Material for the task START

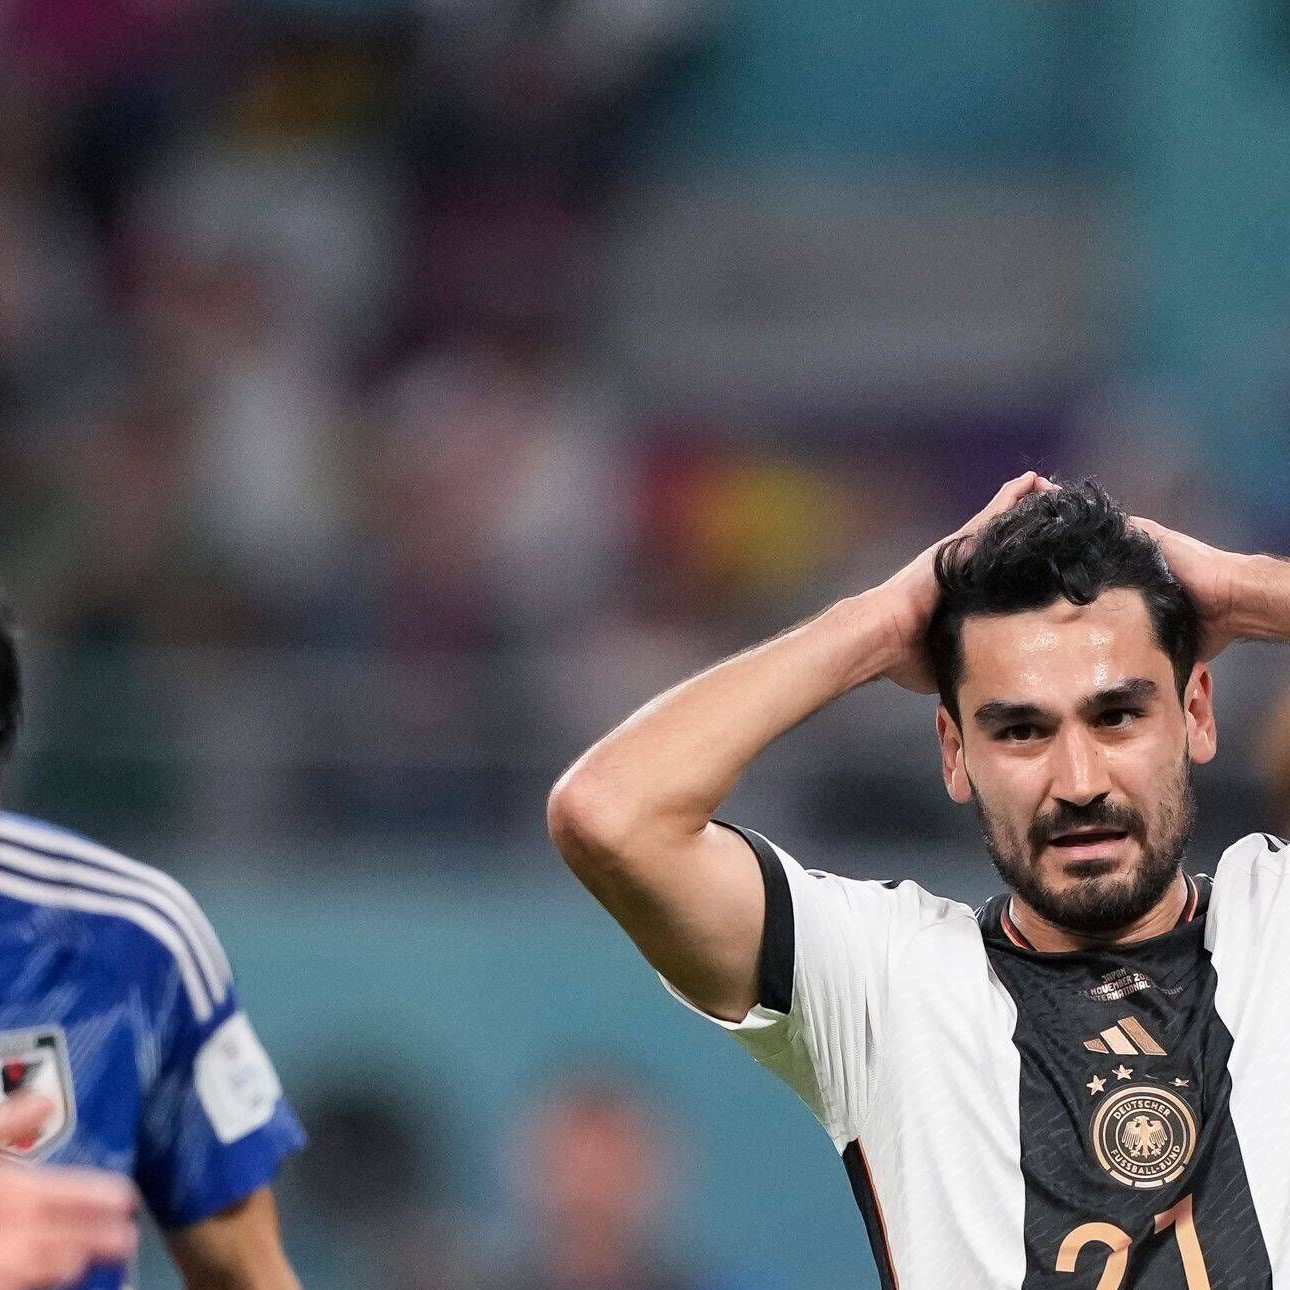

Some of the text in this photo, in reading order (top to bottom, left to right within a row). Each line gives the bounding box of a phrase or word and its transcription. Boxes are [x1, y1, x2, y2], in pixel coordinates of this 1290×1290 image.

[1090, 975, 1133, 996] NOVEMBER
[1101, 967, 1127, 984] JAPAN
[1113, 1100, 1171, 1120] DEUTSCHER
[1110, 1145, 1181, 1175] FUSSBALL-BUND
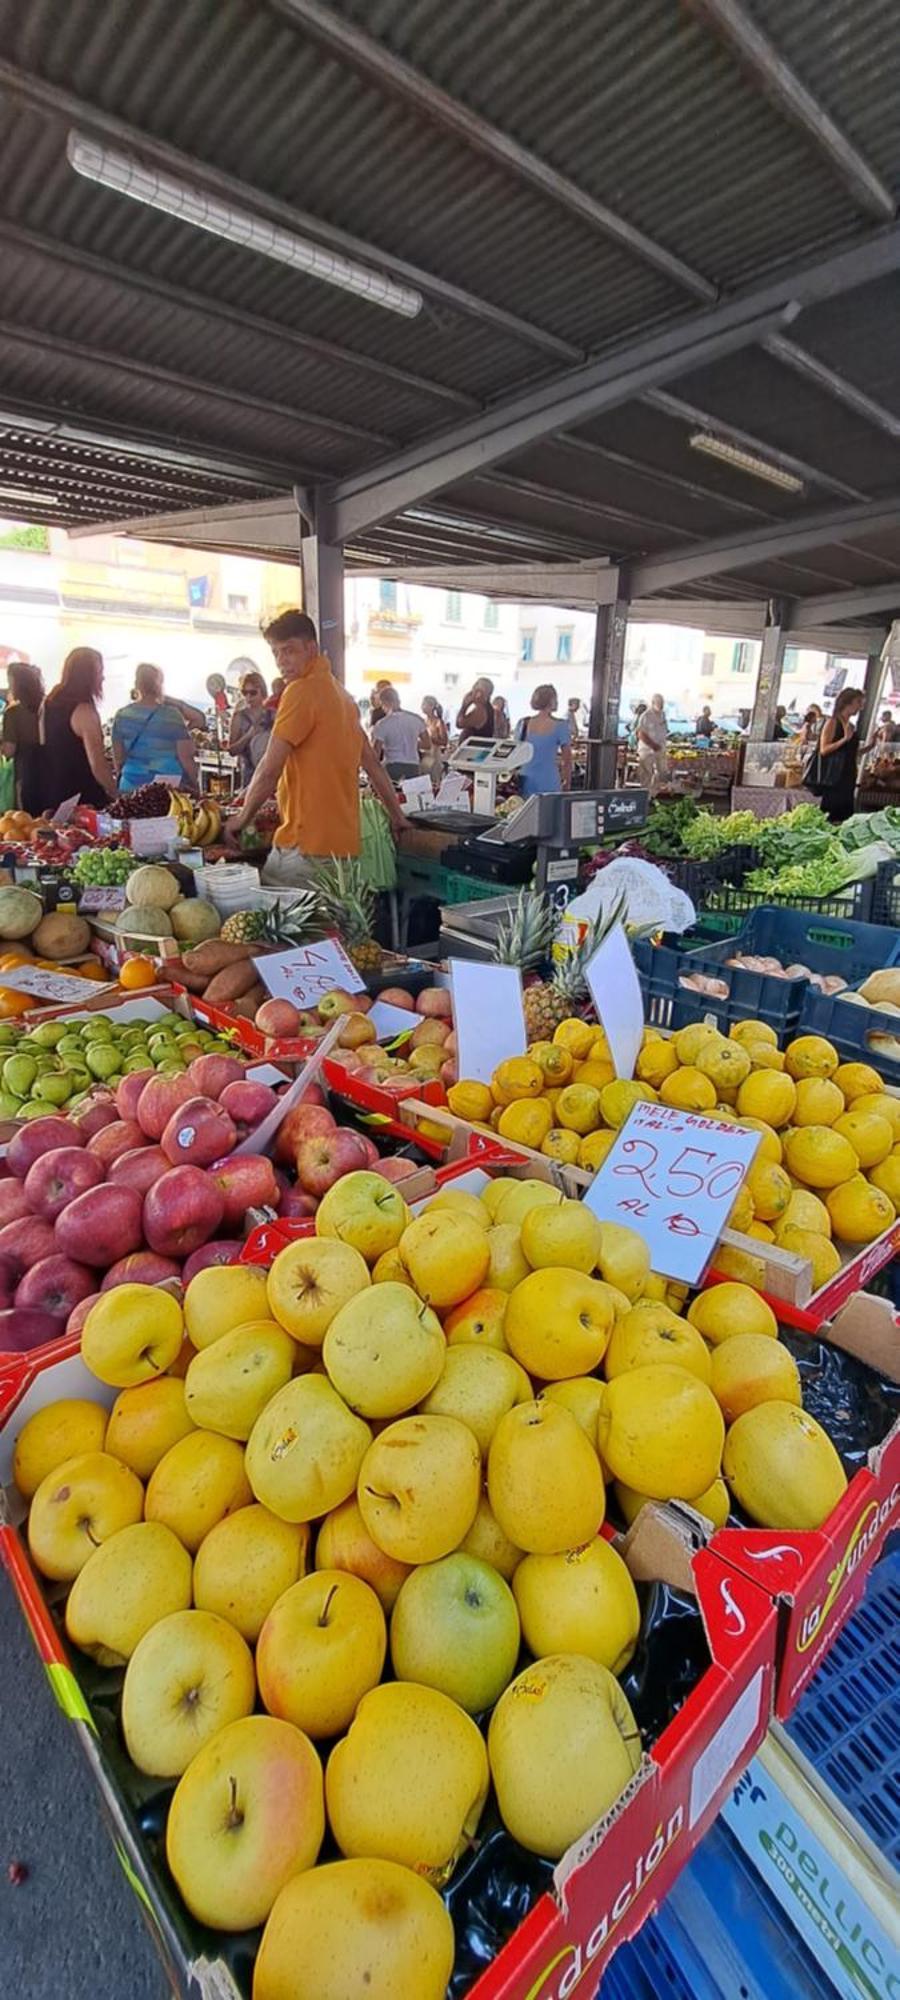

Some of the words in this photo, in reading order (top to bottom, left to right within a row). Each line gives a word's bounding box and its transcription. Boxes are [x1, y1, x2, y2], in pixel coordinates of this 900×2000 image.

[638, 1103, 680, 1121] MELE
[617, 1198, 649, 1217] AL
[548, 1805, 682, 2000] dación

Material for the task END

#### Activity
Copy out the data above to the letter, and keep every picture out of it.

#### Exercise answer
Some of the text in this photo, in reading order (top to bottom, left to right within a row). Each line gives the bounding box of a phrase or word and its transcription. Boxes are [x1, y1, x2, y2], in pixel coordinates of this 1290×1290 image.

[1090, 975, 1133, 996] NOVEMBER
[1101, 967, 1127, 984] JAPAN
[1113, 1100, 1171, 1120] DEUTSCHER
[1110, 1145, 1181, 1175] FUSSBALL-BUND

Some of the words in this photo, in reading order (top to bottom, left to right within a row). Each line gives a word's bounding box and its transcription. Boxes are [x1, y1, x2, y2], in pixel coordinates of this 900×2000 image.

[638, 1103, 680, 1121] MELE
[617, 1198, 649, 1217] AL
[548, 1805, 682, 2000] dación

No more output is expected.